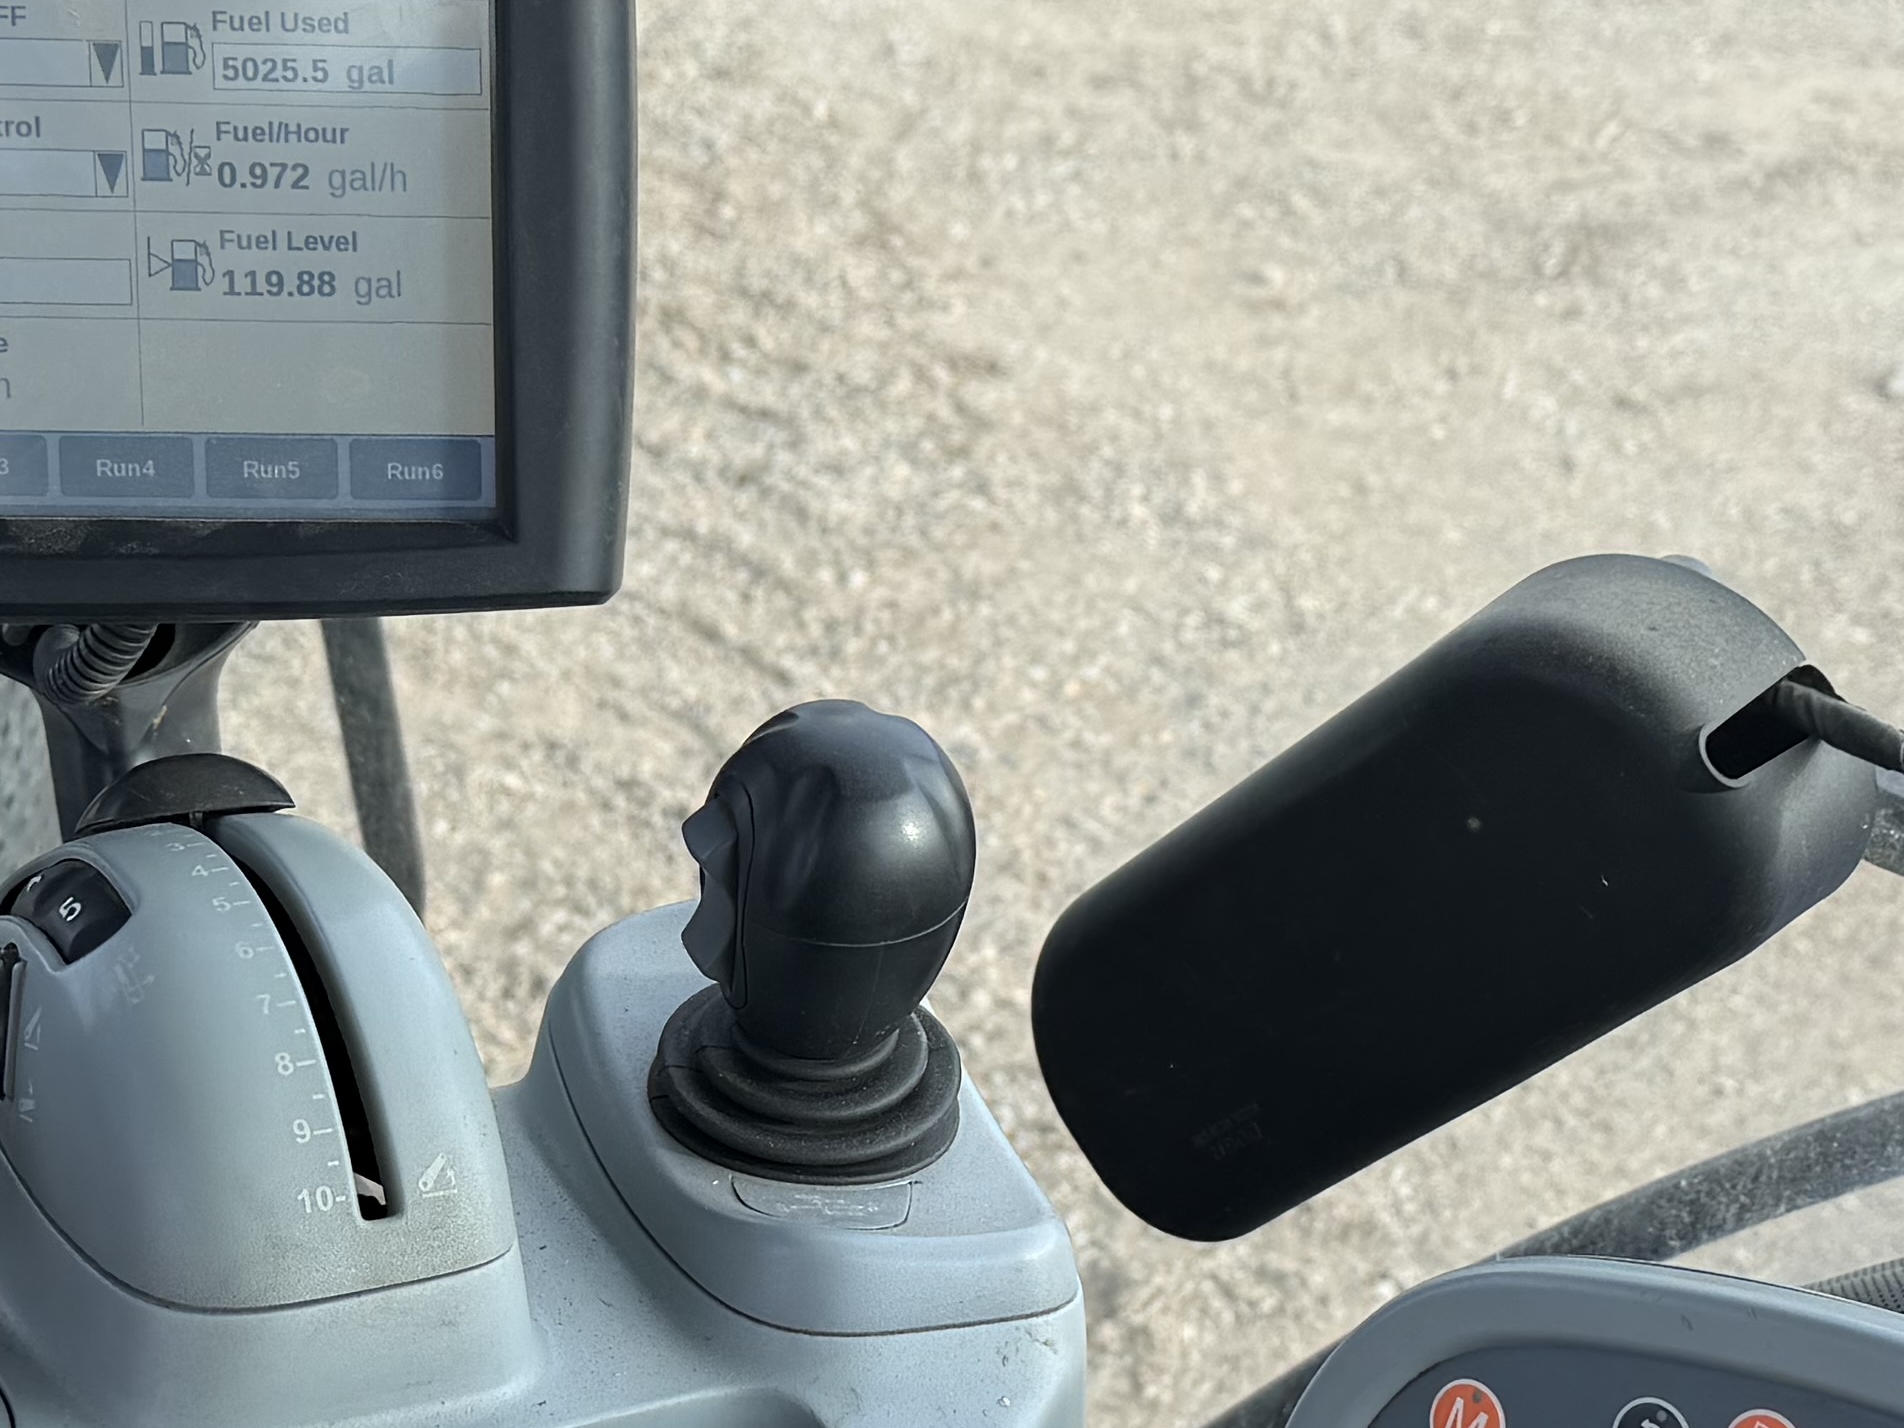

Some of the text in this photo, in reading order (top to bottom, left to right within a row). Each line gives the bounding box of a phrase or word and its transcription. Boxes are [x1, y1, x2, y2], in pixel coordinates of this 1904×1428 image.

[211, 10, 350, 35] Fuel Used
[221, 57, 395, 90] 5025.5 gal
[215, 120, 351, 145] Fuel/Hour
[217, 161, 408, 198] 0.972 gal/h
[219, 229, 358, 253] Fuel Level
[222, 270, 402, 306] 119.88 gal
[96, 459, 156, 478] Run4
[242, 460, 301, 479] Run5
[387, 462, 444, 481] Run6
[192, 864, 209, 878] 4
[59, 896, 82, 922] 5
[212, 896, 231, 913] 5
[235, 940, 255, 959] 6
[256, 994, 273, 1015] 7
[275, 1052, 295, 1076] 8
[293, 1119, 312, 1144] 9
[297, 1185, 335, 1214] 10
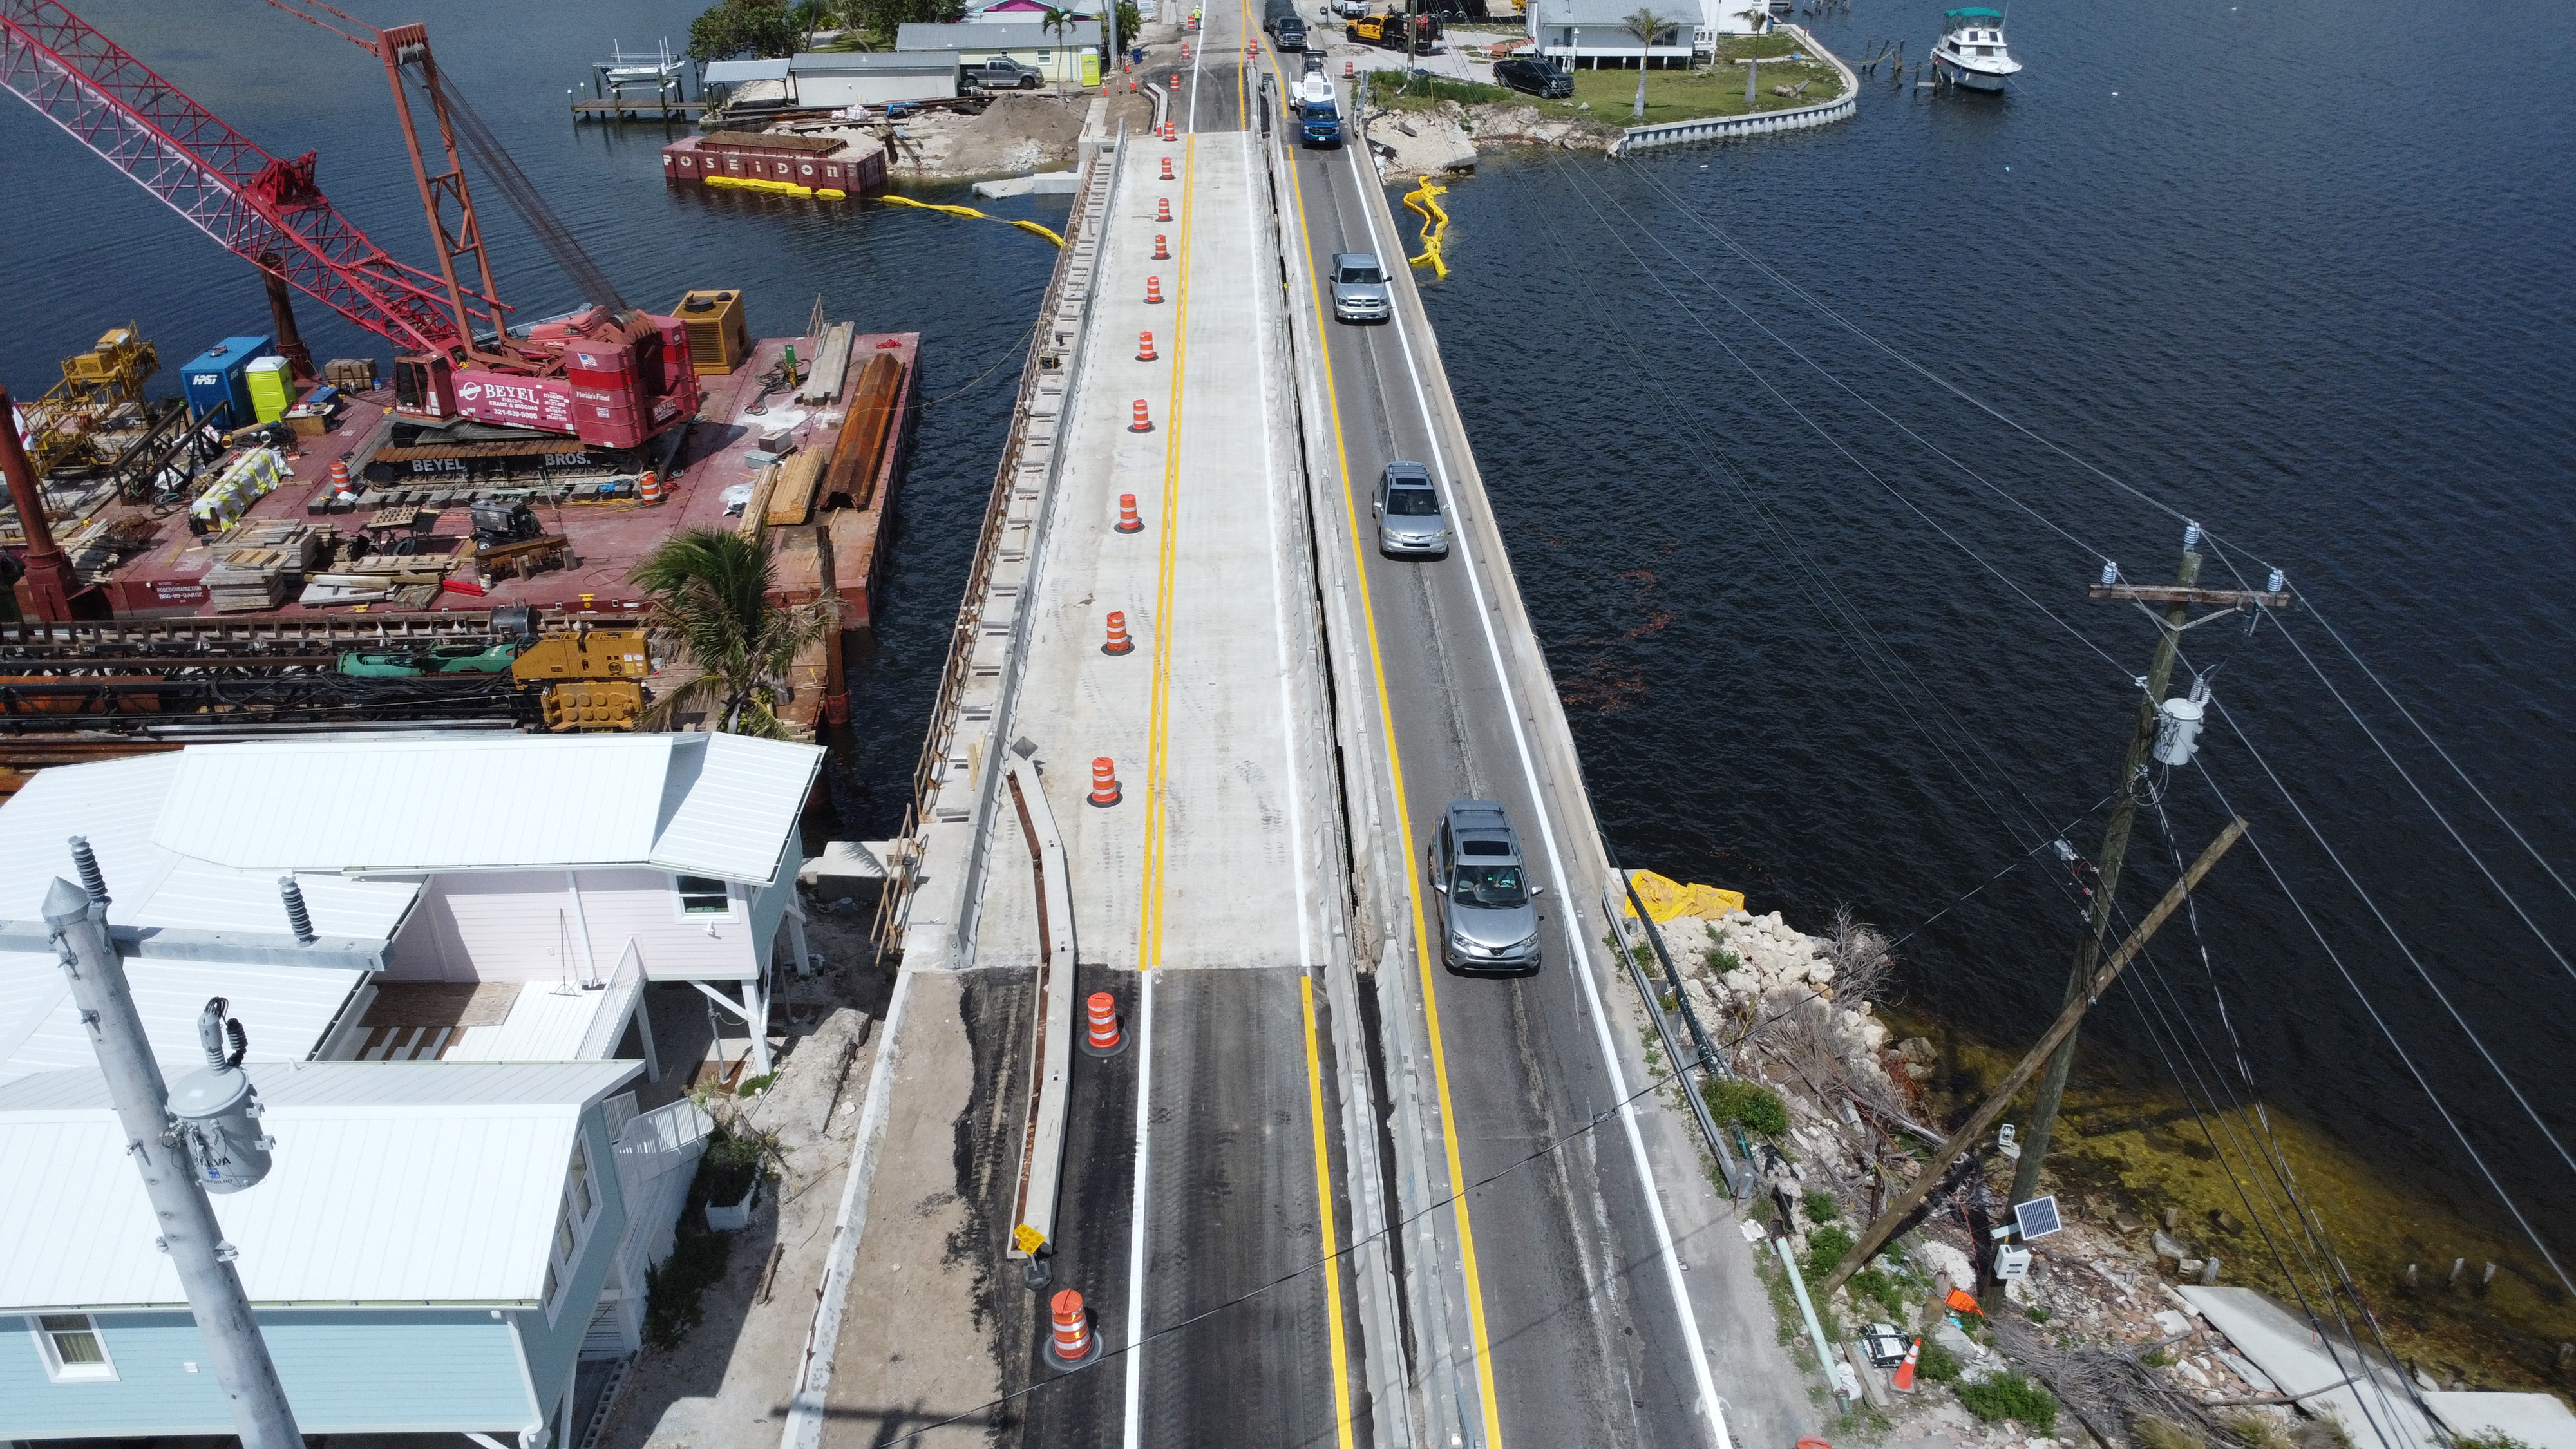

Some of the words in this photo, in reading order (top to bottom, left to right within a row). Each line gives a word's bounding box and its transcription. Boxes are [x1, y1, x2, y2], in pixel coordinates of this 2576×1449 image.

**How to complete this task**
When you reach a picture in the records above, pass over it and transcribe the rest exactly.

**Result**
Some of the text in this photo, in reading order (top to bottom, left to right within a row). Each line gives the bounding box of a phrase or word and its transcription. Boxes are [x1, y1, x2, y2], in pixel coordinates of this 1904×1428 image.

[211, 10, 350, 35] Fuel Used
[221, 57, 395, 90] 5025.5 gal
[215, 120, 351, 145] Fuel/Hour
[217, 161, 408, 198] 0.972 gal/h
[219, 229, 358, 253] Fuel Level
[222, 270, 402, 306] 119.88 gal
[96, 459, 156, 478] Run4
[242, 460, 301, 479] Run5
[387, 462, 444, 481] Run6
[192, 864, 209, 878] 4
[59, 896, 82, 922] 5
[212, 896, 231, 913] 5
[235, 940, 255, 959] 6
[256, 994, 273, 1015] 7
[275, 1052, 295, 1076] 8
[293, 1119, 312, 1144] 9
[297, 1185, 335, 1214] 10

Some of the words in this photo, in reading order (top to bottom, left to right within a row). Each line gives a word's bounding box and its transcription. Boxes are [x1, y1, x2, y2], in pixel coordinates of this 2576×1449 image.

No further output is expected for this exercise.